:: Data for this task

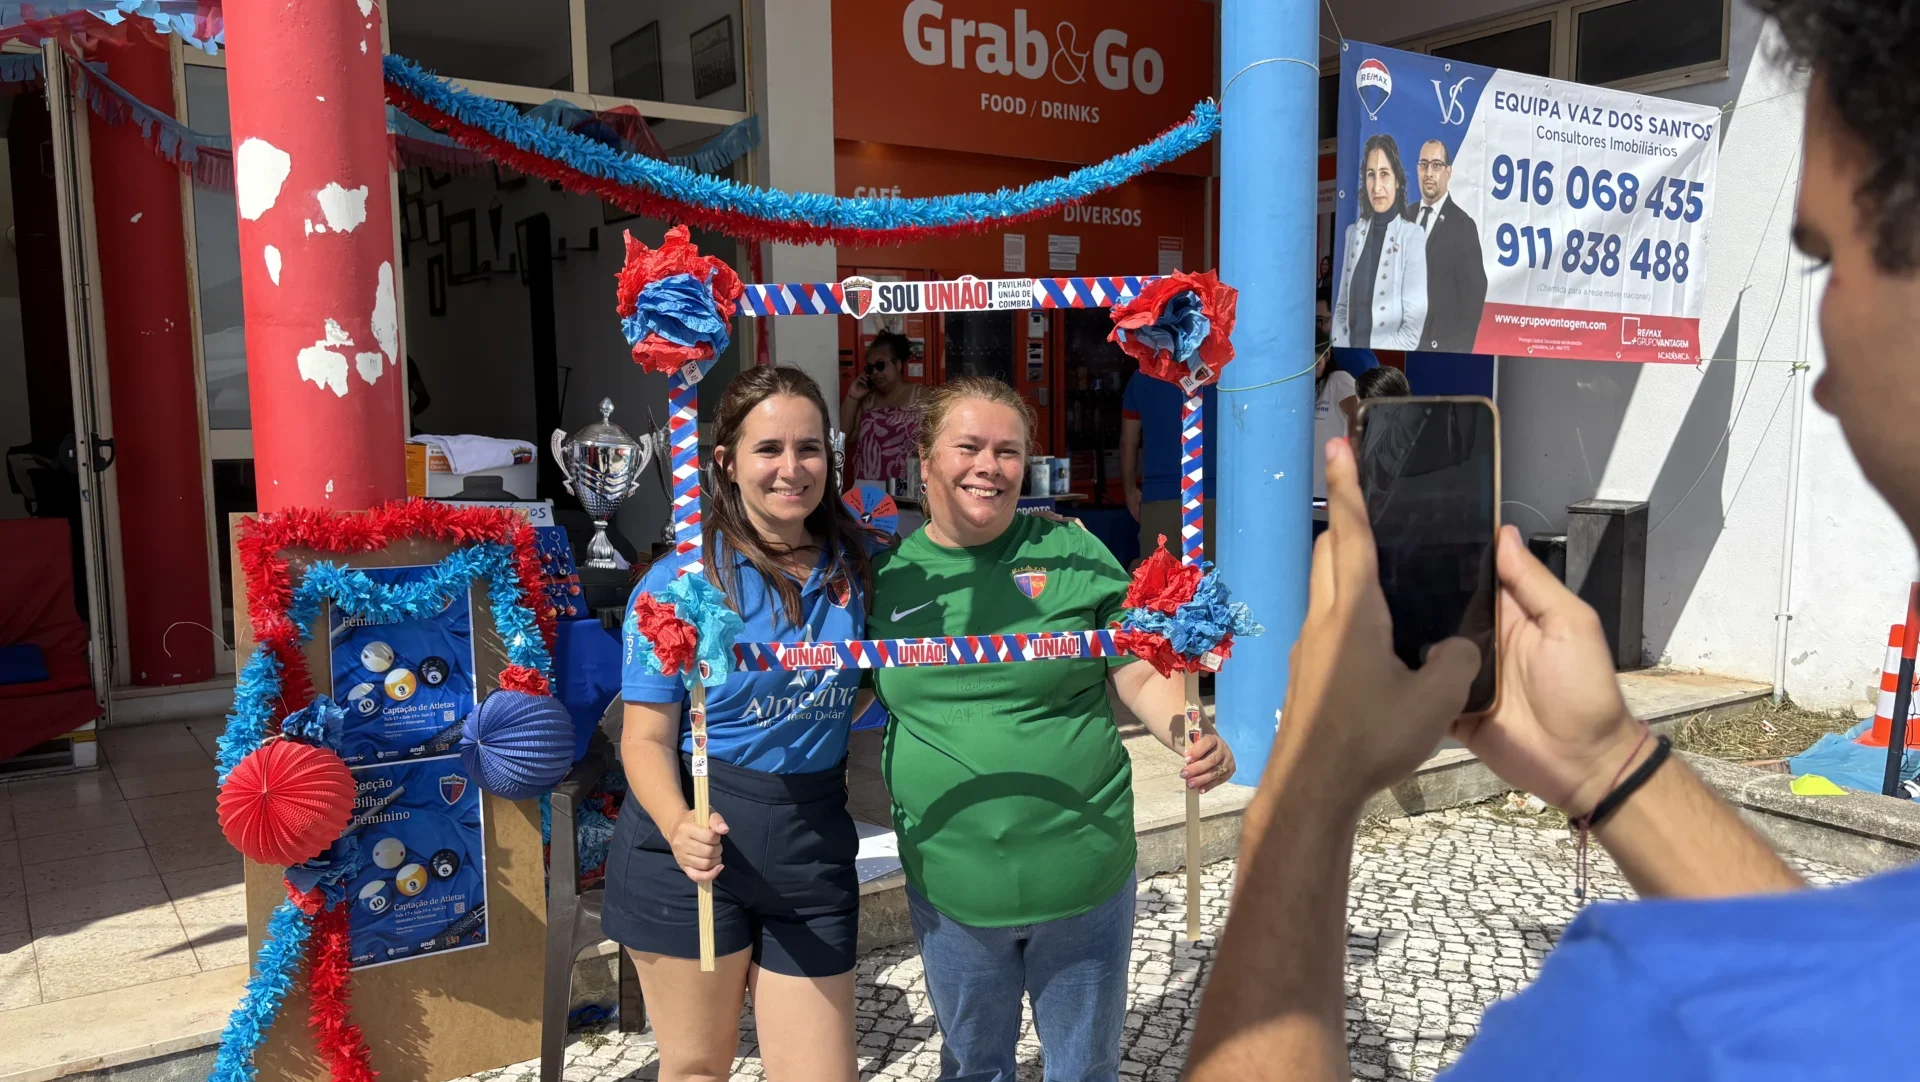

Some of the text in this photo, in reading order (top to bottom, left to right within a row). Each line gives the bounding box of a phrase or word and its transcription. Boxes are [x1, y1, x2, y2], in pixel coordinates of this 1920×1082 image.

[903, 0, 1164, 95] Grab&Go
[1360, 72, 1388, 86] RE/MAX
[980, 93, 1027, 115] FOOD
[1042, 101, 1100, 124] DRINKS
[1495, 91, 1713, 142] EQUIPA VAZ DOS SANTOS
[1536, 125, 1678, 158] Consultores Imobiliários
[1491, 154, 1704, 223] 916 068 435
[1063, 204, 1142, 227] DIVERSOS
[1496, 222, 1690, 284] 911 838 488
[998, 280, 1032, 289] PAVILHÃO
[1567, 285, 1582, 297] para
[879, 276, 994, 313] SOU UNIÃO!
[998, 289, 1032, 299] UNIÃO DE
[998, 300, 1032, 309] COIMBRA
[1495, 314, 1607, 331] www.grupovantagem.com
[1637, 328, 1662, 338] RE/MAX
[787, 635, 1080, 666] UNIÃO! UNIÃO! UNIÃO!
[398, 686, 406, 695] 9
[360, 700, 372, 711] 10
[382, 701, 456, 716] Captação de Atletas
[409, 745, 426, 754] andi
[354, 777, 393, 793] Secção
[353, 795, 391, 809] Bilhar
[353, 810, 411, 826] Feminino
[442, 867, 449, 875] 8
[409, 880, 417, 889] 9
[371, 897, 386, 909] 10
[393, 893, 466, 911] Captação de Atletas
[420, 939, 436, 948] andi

::::

Line by line, transcribe the records exactly, omitting the images.

Some of the text in this photo, in reading order (top to bottom, left to right within a row). Each line gives the bounding box of a phrase or word and its transcription. Boxes are [x1, y1, x2, y2], in pixel coordinates of this 1920×1082 image.

[903, 0, 1164, 95] Grab&Go
[1360, 72, 1388, 86] RE/MAX
[980, 93, 1027, 115] FOOD
[1042, 101, 1100, 124] DRINKS
[1495, 91, 1713, 142] EQUIPA VAZ DOS SANTOS
[1536, 125, 1678, 158] Consultores Imobiliários
[1491, 154, 1704, 223] 916 068 435
[1063, 204, 1142, 227] DIVERSOS
[1496, 222, 1690, 284] 911 838 488
[998, 280, 1032, 289] PAVILHÃO
[1567, 285, 1582, 297] para
[879, 276, 994, 313] SOU UNIÃO!
[998, 289, 1032, 299] UNIÃO DE
[998, 300, 1032, 309] COIMBRA
[1495, 314, 1607, 331] www.grupovantagem.com
[1637, 328, 1662, 338] RE/MAX
[787, 635, 1080, 666] UNIÃO! UNIÃO! UNIÃO!
[398, 686, 406, 695] 9
[360, 700, 372, 711] 10
[382, 701, 456, 716] Captação de Atletas
[409, 745, 426, 754] andi
[354, 777, 393, 793] Secção
[353, 795, 391, 809] Bilhar
[353, 810, 411, 826] Feminino
[442, 867, 449, 875] 8
[409, 880, 417, 889] 9
[371, 897, 386, 909] 10
[393, 893, 466, 911] Captação de Atletas
[420, 939, 436, 948] andi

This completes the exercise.